Great-tailed Grackle

The great-tailed grackle (Quiscalus mexicanus) is a large blackbird whose range presently includes the Western and Midwestern United States as well as Central America. This grackle is exhibiting a great increase in both range and population. In 1900 it had barely expanded into Southern Texas from Central America. According to one source the great-tailed grackle increased its territory 3.7% a year from 1966 to 1998.

About ten years ago Leonard saw a single great-tailed grackle, also commonly called a Mexican grackle, in Bieber CA (Lassen County). We never saw another grackle until about a week ago on the Tule River (Shasta County CA). These very loud, boisterous birds making constant, distinctive calls are difficult to ignore. On two occasions about four days apart we observed a small flock of great-tailed grackles. On our last trip to the area there were no grackles. Are those grackles moving into the area or were they passing through? The range maps for grackles show them nearby so great-tailed grackles may be further  expanding into Northeastern California.

A social bird, the great-tailed grackle has a large, straight, thick black bill, long black legs  and a yellow eye. The male is black with a violet-blue iridescence. A long (nearly as long as its body) deeply keeled tail makes this bird easy to pick out from the other blackbird species with which it often flocks. Female great-tailed grackles do not have a keeled tail. They are brown above and a paler brown on the belly and are slightly buffy on the head and throat.

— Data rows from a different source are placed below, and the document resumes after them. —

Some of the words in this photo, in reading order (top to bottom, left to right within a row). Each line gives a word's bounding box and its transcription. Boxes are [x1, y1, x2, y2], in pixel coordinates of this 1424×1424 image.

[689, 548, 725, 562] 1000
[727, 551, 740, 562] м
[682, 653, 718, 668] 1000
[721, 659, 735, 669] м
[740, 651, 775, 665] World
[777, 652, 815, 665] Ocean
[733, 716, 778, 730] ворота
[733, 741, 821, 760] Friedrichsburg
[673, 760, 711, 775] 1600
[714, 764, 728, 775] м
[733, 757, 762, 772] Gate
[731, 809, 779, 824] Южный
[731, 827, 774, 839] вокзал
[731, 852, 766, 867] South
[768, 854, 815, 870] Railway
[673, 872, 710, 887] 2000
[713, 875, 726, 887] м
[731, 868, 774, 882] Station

Great-tailed grackles prefer open habitats with a nearby source of water although they can also be found in chaparral and second growth forests as long as there is water. Grackles will also venture into more urban areas. Although largely resident, grackles on the northern edge of their range will move southward following river valleys during the winter.

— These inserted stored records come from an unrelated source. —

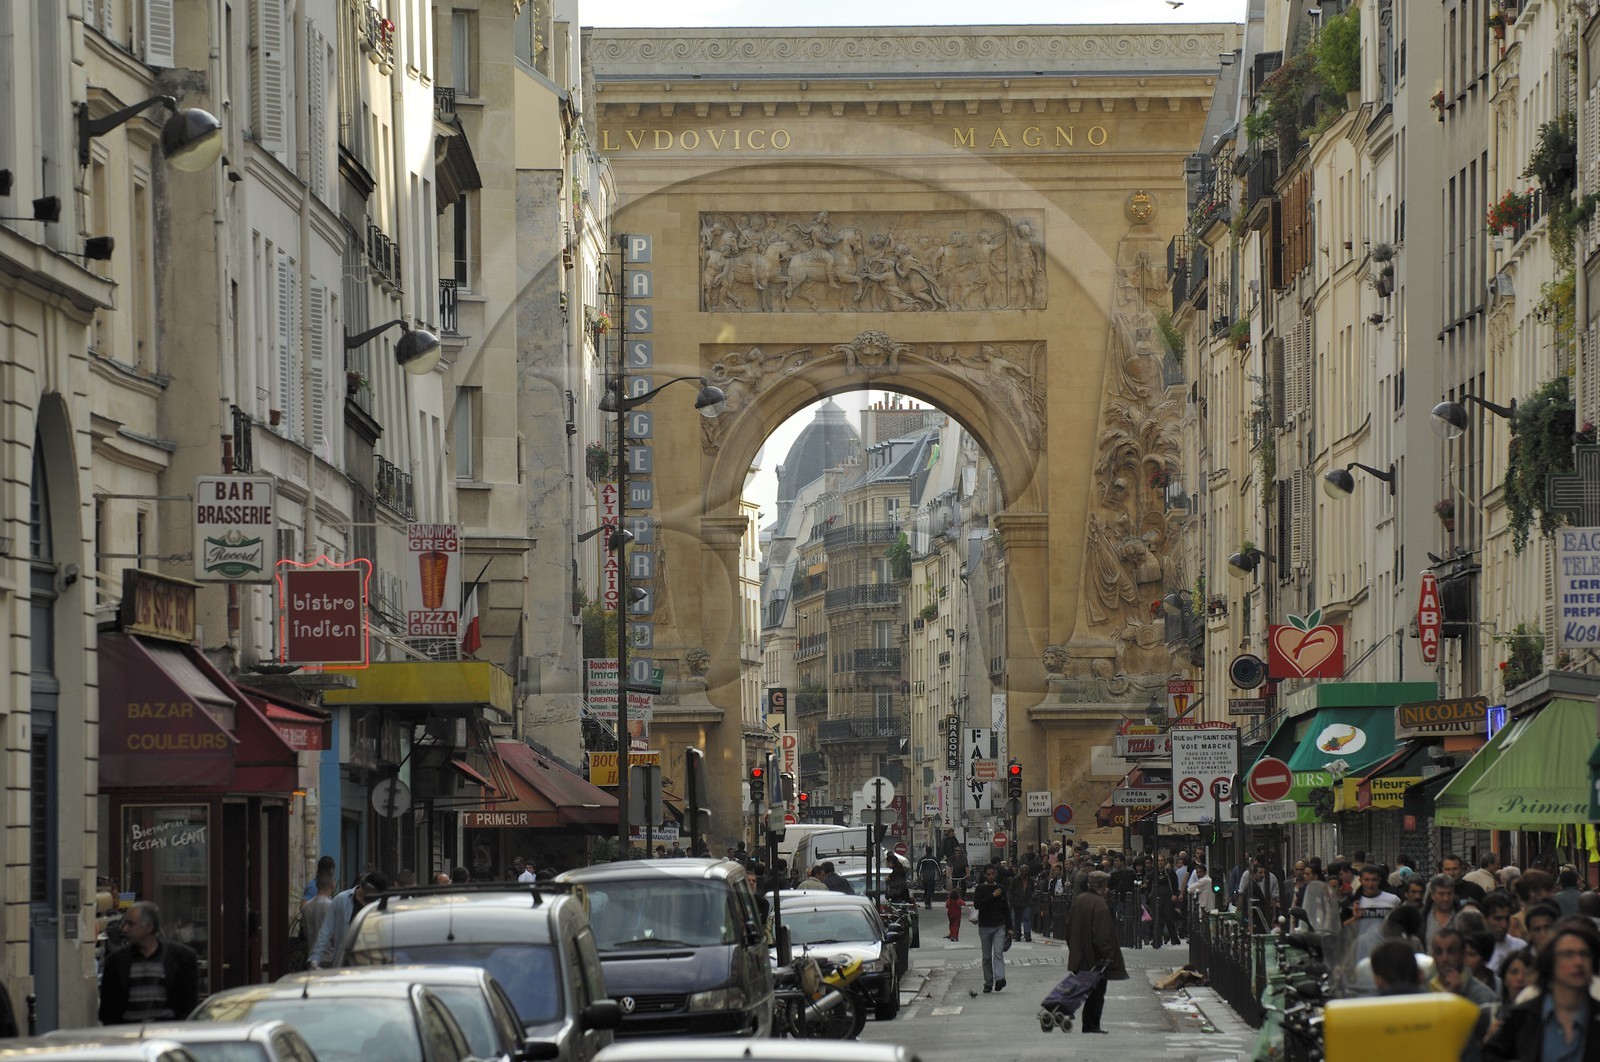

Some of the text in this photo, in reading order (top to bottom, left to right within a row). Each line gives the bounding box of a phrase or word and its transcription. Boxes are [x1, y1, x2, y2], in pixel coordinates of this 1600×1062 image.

[602, 125, 1109, 152] LVDOVICO MAGNO
[631, 237, 650, 470] PASSAGE
[216, 482, 253, 500] BAR
[632, 488, 650, 504] DU
[197, 505, 272, 525] BRASSERIE
[410, 525, 457, 539] SANDWICH
[409, 540, 456, 551] GREC
[206, 547, 260, 563] Record
[293, 592, 355, 611] bistro
[410, 612, 456, 624] PIZZA
[1420, 578, 1438, 659] TABAC
[293, 618, 356, 638] indien
[410, 623, 456, 635] GRILL
[589, 660, 619, 669] Boucheri
[127, 703, 194, 718] BAZAR
[1403, 700, 1487, 724] NICOLAS
[127, 734, 228, 750] COULEURS
[1127, 739, 1155, 753] PIZZAS
[1372, 779, 1411, 789] Fleurs
[1262, 804, 1286, 812] INTERDIT
[1267, 811, 1296, 819] CYCLISTES
[476, 813, 528, 826] PRIMEUR
[631, 833, 678, 841] PAKISANAISES

Great-tailed grackles eat plant material throughout the year. In the summer and fall grackles will also eat insects, snails, worms, slugs, tadpoles, frogs, bird eggs and nestlings, snakes and small mammals. Although they usually feed on the ground grackles will sometimes wade into shallow water for a fish or frog. Like gulls, grackles can be seen following tractors as they plow fields for the overturned insects, worms and other feed.

I wonder if, like the Eurasian collared dove (Streptopelia decaoto)  – see “Eurasian Collared Dove“, “Territory Wars” and “Cohabitation“) – the great-tailed grackle will become a new area resident?